KRISTI MAROHN: As the boats return, the spearfishers carry their teeming buckets ashore. Then work begins to document and record each fish. Creel clerk Joseph Wade picks up a shiny walleye still flopping and stretches it on a measuring board.

JOSEPH WADE: 21.5, female.

KRISTI MAROHN: Ben Michaels is a GLIFWIC. Biologist. He says every fish that comes into the landing is counted and weighed.

BEN MICHAELS: A lot of people think that the tribes come to these landings, they take what they want. They leave. They have unlimited quota. The fish aren't counted. And that can't be further from the truth.

KRISTI MAROHN: On a sample of the fish, Michael says they gather more detailed biological information like tiny ear bones called otoliths that have rings like a tree.
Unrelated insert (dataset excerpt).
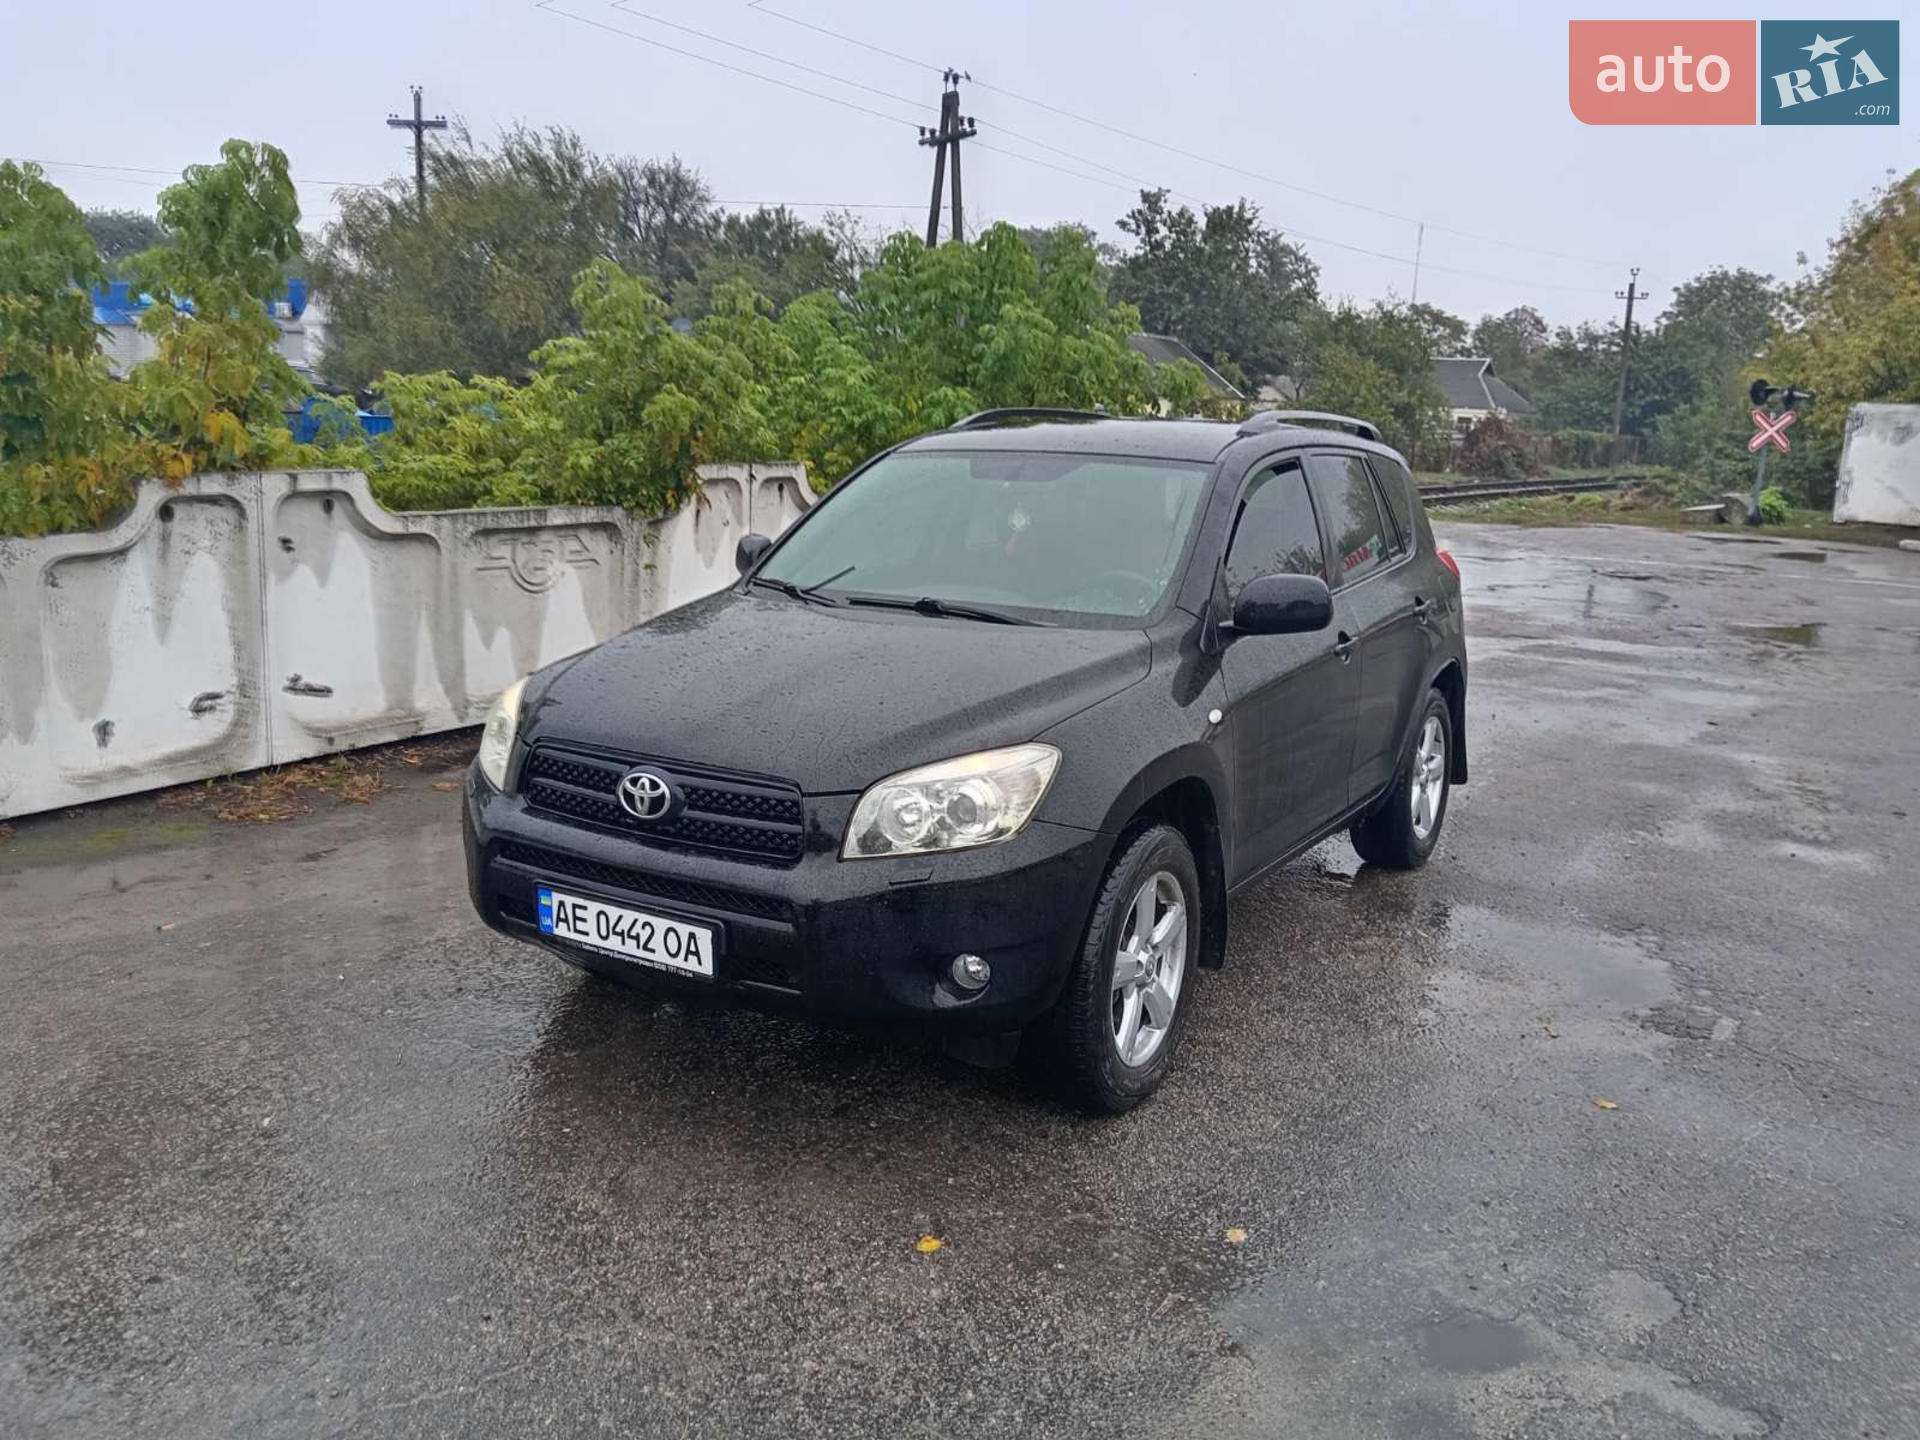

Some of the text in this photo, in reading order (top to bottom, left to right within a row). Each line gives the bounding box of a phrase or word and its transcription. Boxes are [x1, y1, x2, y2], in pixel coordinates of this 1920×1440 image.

[541, 916, 552, 926] UA
[555, 900, 590, 937] AE
[596, 910, 656, 954] 0442
[663, 926, 702, 966] OA
BEN MICHAELS: So we can actually tell the age of the fish by counting those rings.

KRISTI MAROHN: That information helps biologists estimate the lake's fish population. Once the counting is done, Michael says they'll calculate how close the band is to their quota and whether the spearfishers can get another permit to go back out tonight.

BEN MICHAELS: So the quotas are created to protect the health of the fishery so that we don't overfish.
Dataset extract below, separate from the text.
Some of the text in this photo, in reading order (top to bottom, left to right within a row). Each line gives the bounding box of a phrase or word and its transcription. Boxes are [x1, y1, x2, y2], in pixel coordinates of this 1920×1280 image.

KRISTI MAROHN: This night is peaceful. But tribal members who spear or net say they frequently face harassment.

BOB ELM: I don't see it a lot, but I know that our tribal members face it probably on a nightly basis at least from what I hear back home in Wisconsin.

KRISTI MAROHN: Gail Smith is a conservation warden with GLIFWIC and a member of the Lac du Flambeau band. He witnessed obnoxious behavior at a different public landing on Mille Lacs just off the highway.

GAIL SMITH: I specifically remember last year, there was quite a bit of whether it was honking or flipping the bird or yelling out the window.

KRISTI MAROHN: While that behavior is mainly annoying, sometimes the harassment becomes threatening. A man was charged with harassment for allegedly yelling obscenities, exposing himself, and threatening to shoot a family as they spearfished last spring on Mille Lacs. Smith tries to maintain a visible presence to ward off any problems. He advises people not to respond to harassers.

GAIL SMITH: It's irritating, it's frustrating, but any chance I can to tell a tribal member to take that high road, somebody that's purposefully trying to get a reaction out of you.

KRISTI MAROHN: His uncle, Scott Smith has been spearfishing since he was a kid and says the harassment has improved from days past.

SCOTT SMITH: It's gotten better. I mean, I remember the days getting shot at twice. Getting rocks thrown at you, spit on you, beer bottles thrown at you.

KRISTI MAROHN: Smith's fishing partner, Kevin Malson says such reactions are rooted in ignorance of tribes legal rights to hunt and fish in the ceded territory.

KEVIN MALSON: It's a right given to us in our treaties. That's a lot of non-Indians don't understand. It's a privilege for them to fish and have permits, but it's a right for us given to us by the federal government.

KRISTI MAROHN: Tribal members say such incidents reinforce the importance of continuing to defend their rights to harvest fish and of passing on the tradition to younger generations. Kirsti Marohn, MPR News, Mille Lacs Lake.